# [The task]
Each entry below is to be returned exactly, with any pictures left out.

# [Supplied records]
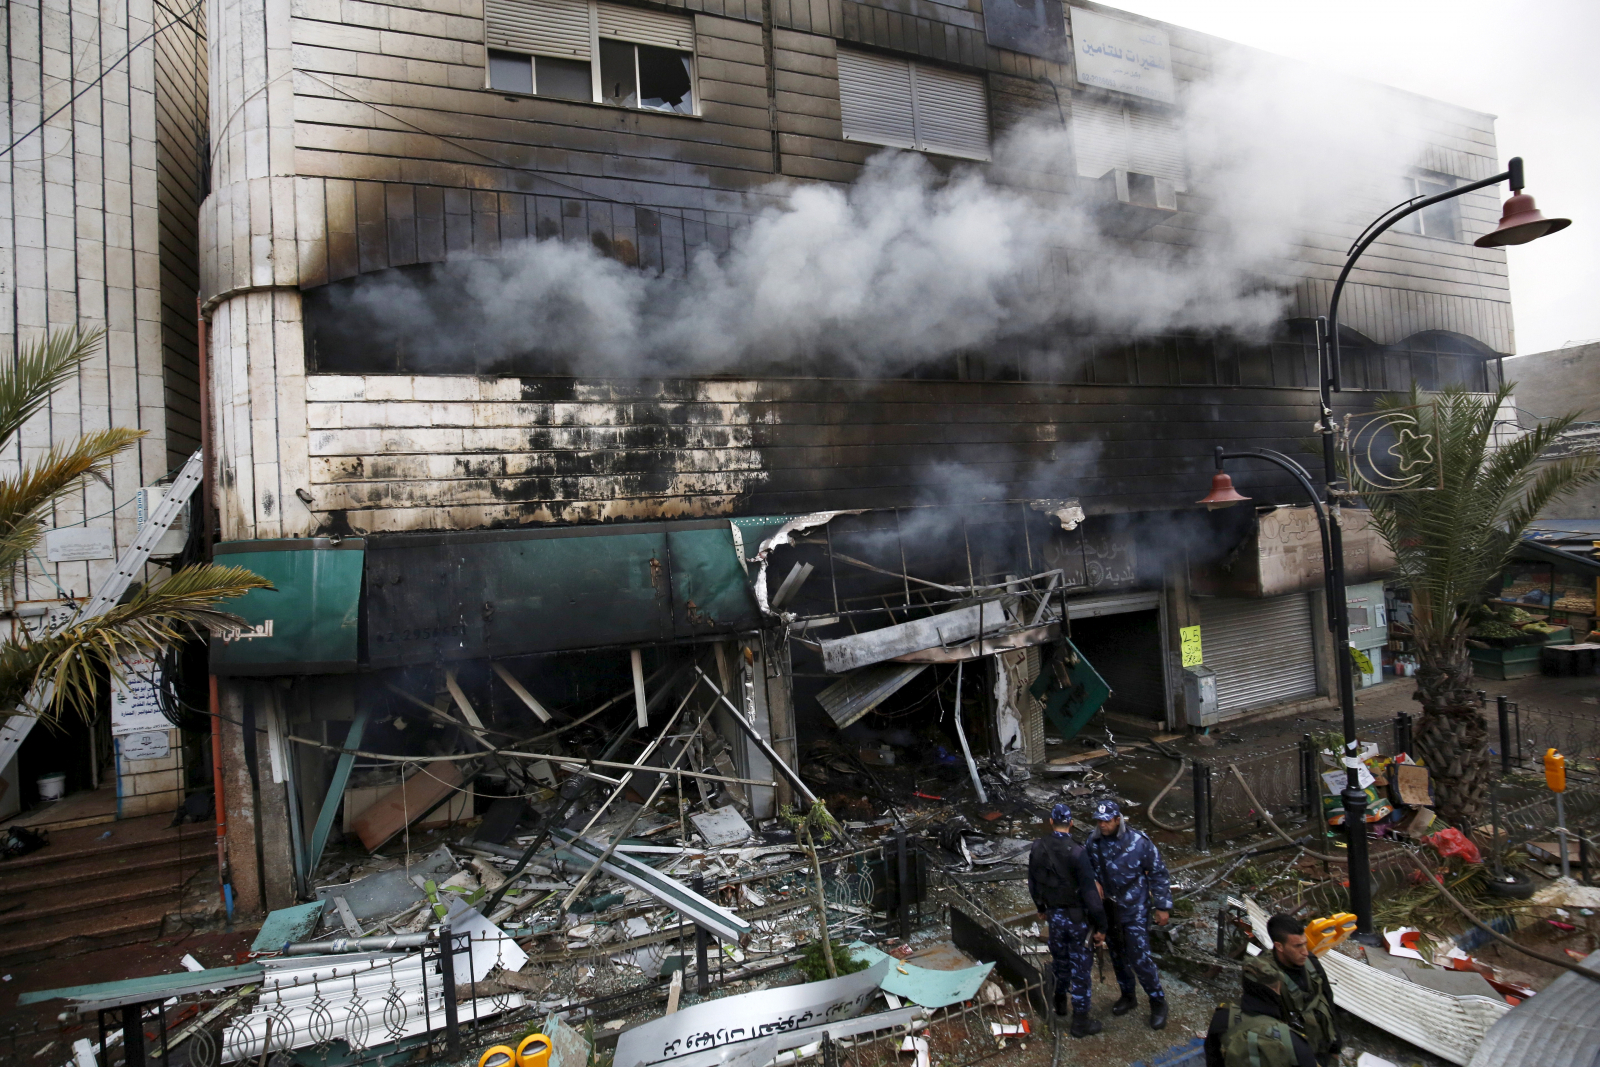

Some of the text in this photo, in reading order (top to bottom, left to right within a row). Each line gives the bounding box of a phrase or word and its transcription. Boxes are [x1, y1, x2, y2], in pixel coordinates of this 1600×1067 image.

[1082, 38, 1165, 71] شقيرات للتأمين
[1105, 566, 1135, 585] بلدية
[663, 1039, 682, 1057] بن
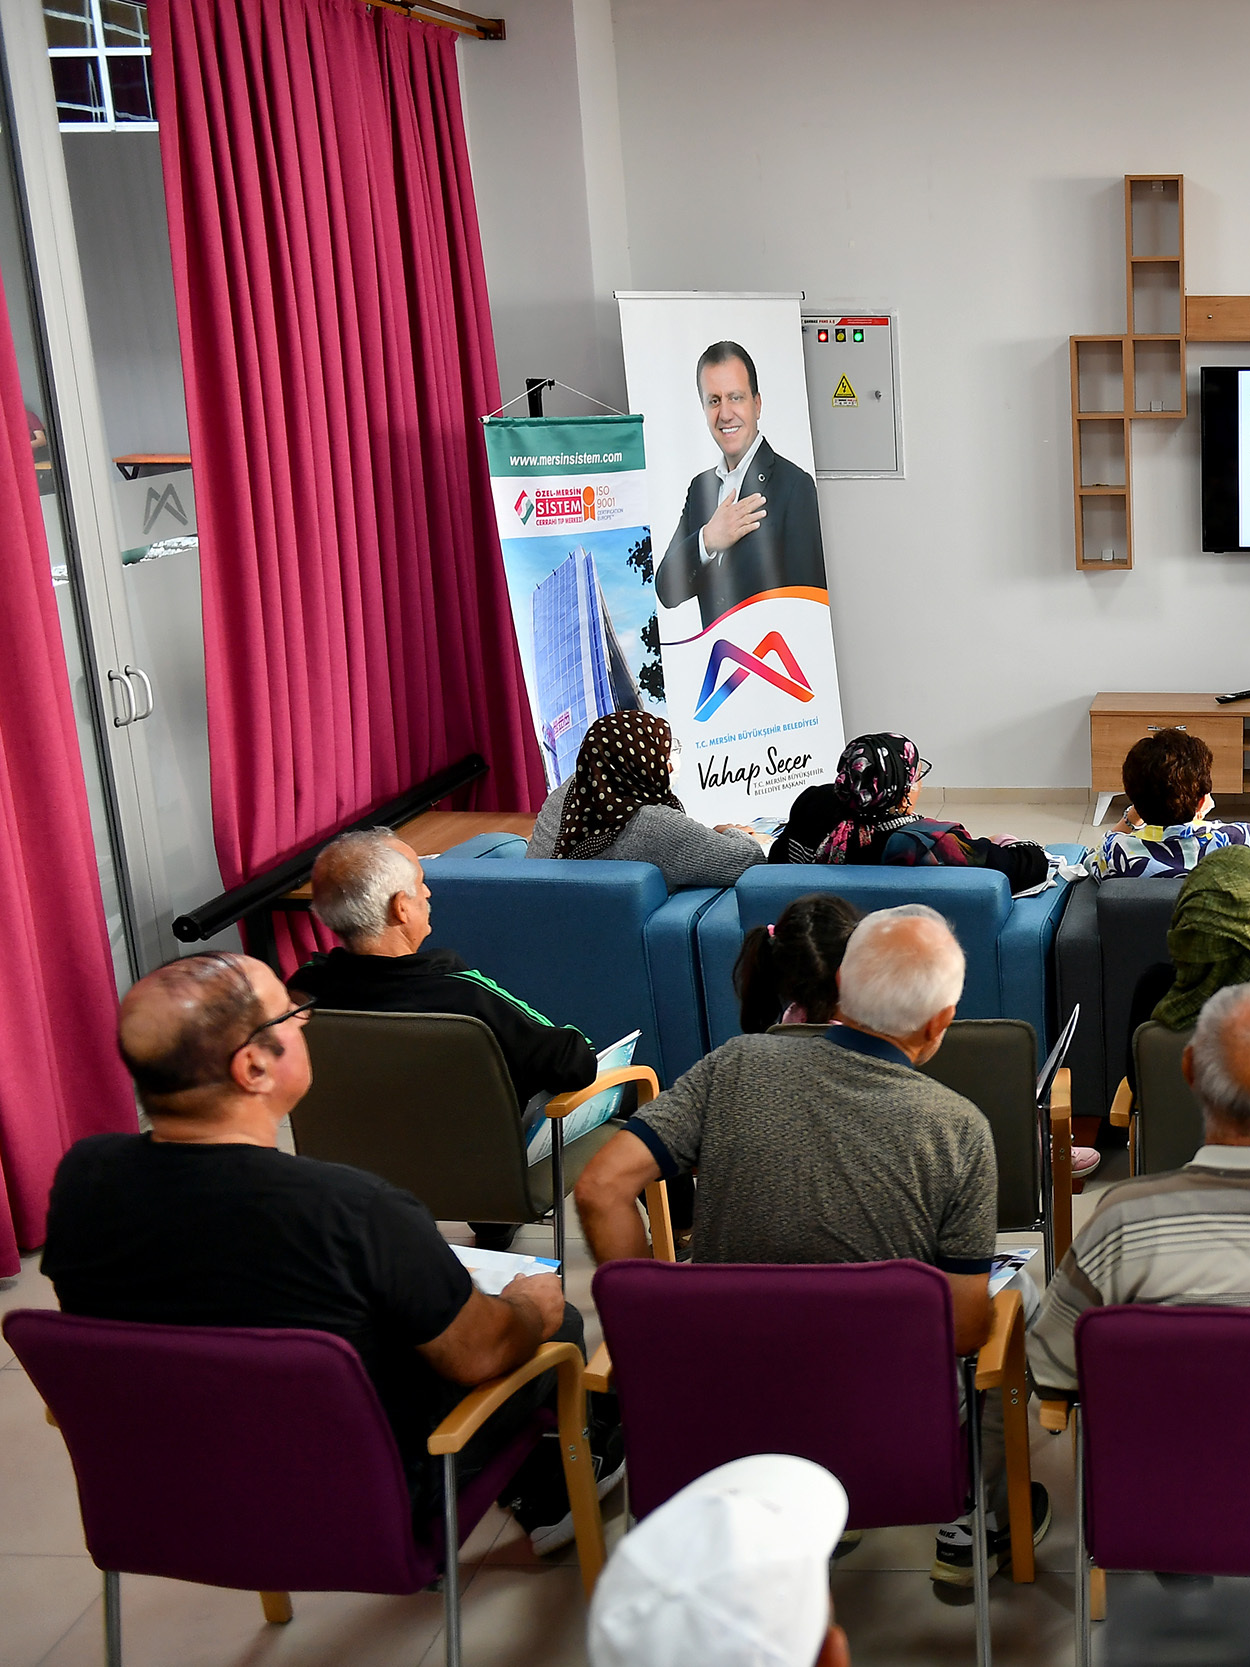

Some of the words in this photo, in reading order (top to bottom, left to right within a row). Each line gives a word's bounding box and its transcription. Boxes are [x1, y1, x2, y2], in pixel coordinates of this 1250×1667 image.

[509, 451, 623, 466] www.mersinsistem.com
[535, 486, 582, 497] ÖZEL-MERSİN
[596, 485, 610, 496] ISO
[537, 499, 581, 515] SİSTEM
[597, 497, 616, 508] 9001
[535, 517, 557, 526] CERRAHİ
[695, 741, 708, 749] T.C.
[709, 732, 736, 746] MERSİN
[738, 724, 782, 741] BÜYÜKŞEHİR
[783, 716, 819, 731] BELEDİYESİ
[698, 754, 761, 795] Vahap
[765, 745, 812, 776] Seçer
[766, 776, 787, 787] MERSİN
[788, 768, 825, 781] BÜYÜKŞEHİR
[754, 786, 781, 796] BELEDİYE
[782, 779, 806, 790] BAŞKANI
[938, 1529, 957, 1539] NIKE

# [Exercise answer]
Some of the text in this photo, in reading order (top to bottom, left to right within a row). Each line gives the bounding box of a phrase or word and its transcription. Boxes are [x1, y1, x2, y2], in pixel coordinates of this 1600×1067 image.

[1082, 38, 1165, 71] شقيرات للتأمين
[1105, 566, 1135, 585] بلدية
[663, 1039, 682, 1057] بن

Some of the words in this photo, in reading order (top to bottom, left to right within a row). Each line gives a word's bounding box and its transcription. Boxes are [x1, y1, x2, y2], in pixel coordinates of this 1250×1667 image.

[509, 451, 623, 466] www.mersinsistem.com
[535, 486, 582, 497] ÖZEL-MERSİN
[596, 485, 610, 496] ISO
[537, 499, 581, 515] SİSTEM
[597, 497, 616, 508] 9001
[535, 517, 557, 526] CERRAHİ
[695, 741, 708, 749] T.C.
[709, 732, 736, 746] MERSİN
[738, 724, 782, 741] BÜYÜKŞEHİR
[783, 716, 819, 731] BELEDİYESİ
[698, 754, 761, 795] Vahap
[765, 745, 812, 776] Seçer
[766, 776, 787, 787] MERSİN
[788, 768, 825, 781] BÜYÜKŞEHİR
[754, 786, 781, 796] BELEDİYE
[782, 779, 806, 790] BAŞKANI
[938, 1529, 957, 1539] NIKE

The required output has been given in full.